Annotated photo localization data
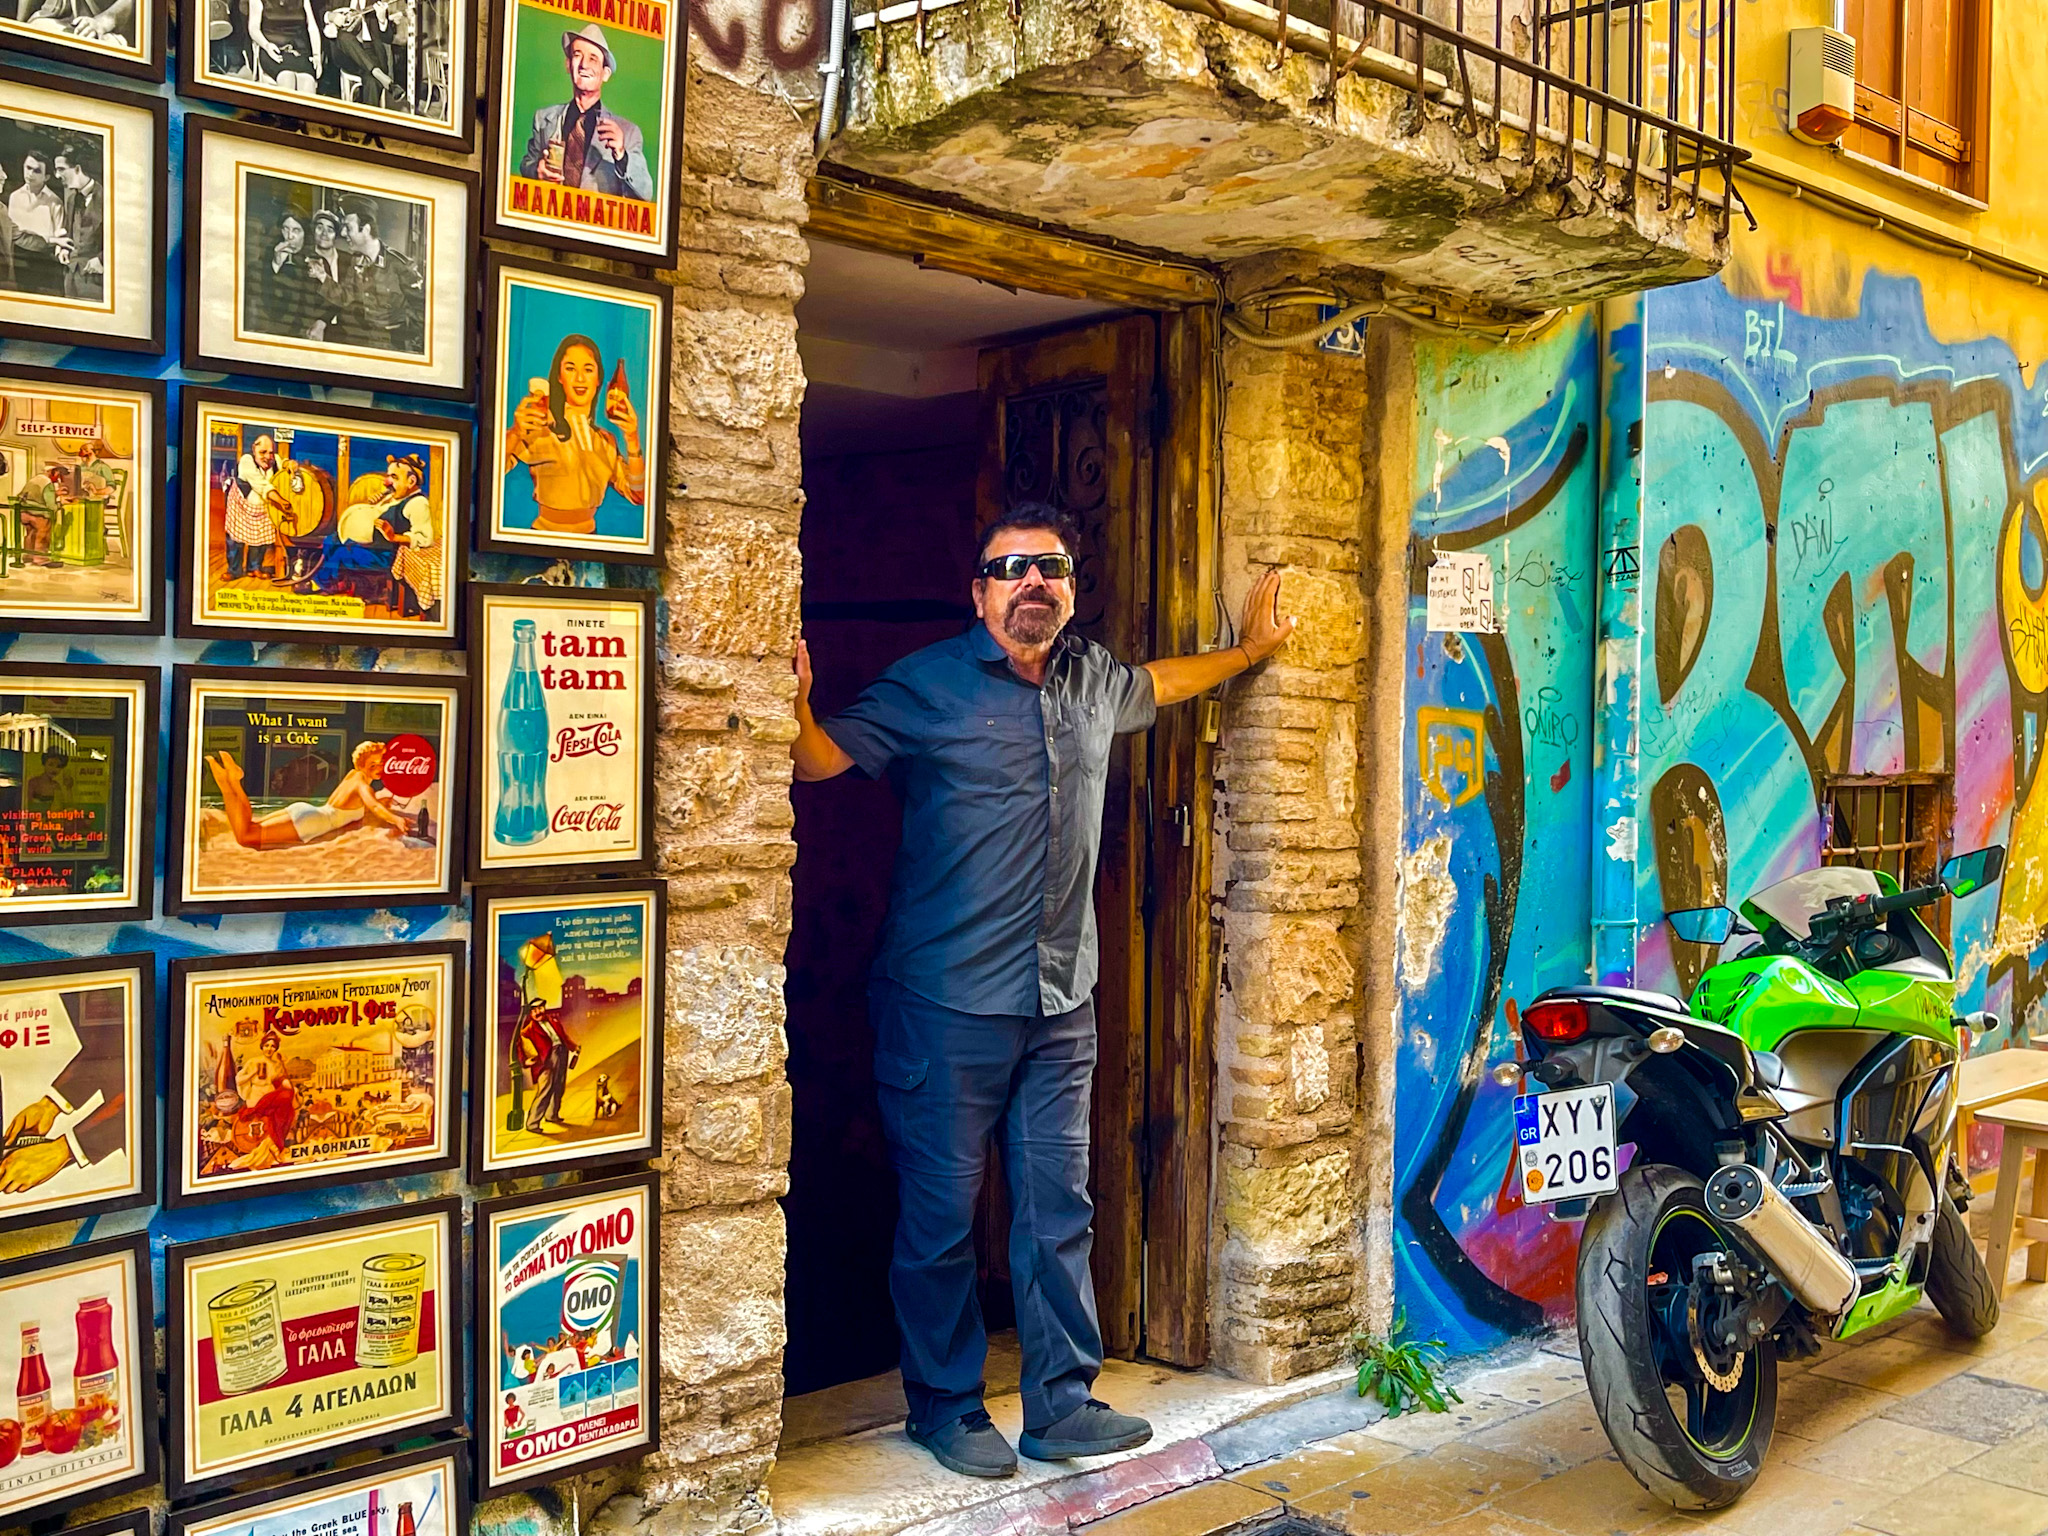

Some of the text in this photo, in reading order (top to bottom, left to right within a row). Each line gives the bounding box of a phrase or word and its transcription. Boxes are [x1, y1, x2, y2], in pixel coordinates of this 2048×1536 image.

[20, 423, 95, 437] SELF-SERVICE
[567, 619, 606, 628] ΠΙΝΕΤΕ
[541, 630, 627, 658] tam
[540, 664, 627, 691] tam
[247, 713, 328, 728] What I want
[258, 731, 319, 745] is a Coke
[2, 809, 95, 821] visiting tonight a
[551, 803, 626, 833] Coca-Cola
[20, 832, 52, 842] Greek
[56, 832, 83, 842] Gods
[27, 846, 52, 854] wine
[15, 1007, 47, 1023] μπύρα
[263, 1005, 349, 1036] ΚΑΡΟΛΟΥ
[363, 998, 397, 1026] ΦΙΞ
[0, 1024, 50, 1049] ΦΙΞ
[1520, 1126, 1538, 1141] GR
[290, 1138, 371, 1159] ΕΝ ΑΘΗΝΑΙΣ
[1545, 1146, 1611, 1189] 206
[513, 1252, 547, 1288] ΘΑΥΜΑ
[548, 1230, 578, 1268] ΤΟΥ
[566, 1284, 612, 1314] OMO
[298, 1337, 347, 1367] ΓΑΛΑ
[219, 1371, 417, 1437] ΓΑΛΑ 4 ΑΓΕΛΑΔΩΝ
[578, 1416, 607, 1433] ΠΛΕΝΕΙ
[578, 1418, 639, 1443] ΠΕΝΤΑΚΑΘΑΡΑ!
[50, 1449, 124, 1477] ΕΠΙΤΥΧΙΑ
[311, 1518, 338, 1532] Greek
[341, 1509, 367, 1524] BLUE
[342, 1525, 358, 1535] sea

▸ Exercise aim
Hand back the data exactly as it appears, with all pictures cut.

▸ Task output
Some of the text in this photo, in reading order (top to bottom, left to right within a row). Each line gives the bounding box of a phrase or word and its transcription. Boxes are [x1, y1, x2, y2], in pixel coordinates of this 2048×1536 image.

[20, 423, 95, 437] SELF-SERVICE
[567, 619, 606, 628] ΠΙΝΕΤΕ
[541, 630, 627, 658] tam
[540, 664, 627, 691] tam
[247, 713, 328, 728] What I want
[258, 731, 319, 745] is a Coke
[2, 809, 95, 821] visiting tonight a
[551, 803, 626, 833] Coca-Cola
[20, 832, 52, 842] Greek
[56, 832, 83, 842] Gods
[27, 846, 52, 854] wine
[15, 1007, 47, 1023] μπύρα
[263, 1005, 349, 1036] ΚΑΡΟΛΟΥ
[363, 998, 397, 1026] ΦΙΞ
[0, 1024, 50, 1049] ΦΙΞ
[1520, 1126, 1538, 1141] GR
[290, 1138, 371, 1159] ΕΝ ΑΘΗΝΑΙΣ
[1545, 1146, 1611, 1189] 206
[513, 1252, 547, 1288] ΘΑΥΜΑ
[548, 1230, 578, 1268] ΤΟΥ
[566, 1284, 612, 1314] OMO
[298, 1337, 347, 1367] ΓΑΛΑ
[219, 1371, 417, 1437] ΓΑΛΑ 4 ΑΓΕΛΑΔΩΝ
[578, 1416, 607, 1433] ΠΛΕΝΕΙ
[578, 1418, 639, 1443] ΠΕΝΤΑΚΑΘΑΡΑ!
[50, 1449, 124, 1477] ΕΠΙΤΥΧΙΑ
[311, 1518, 338, 1532] Greek
[341, 1509, 367, 1524] BLUE
[342, 1525, 358, 1535] sea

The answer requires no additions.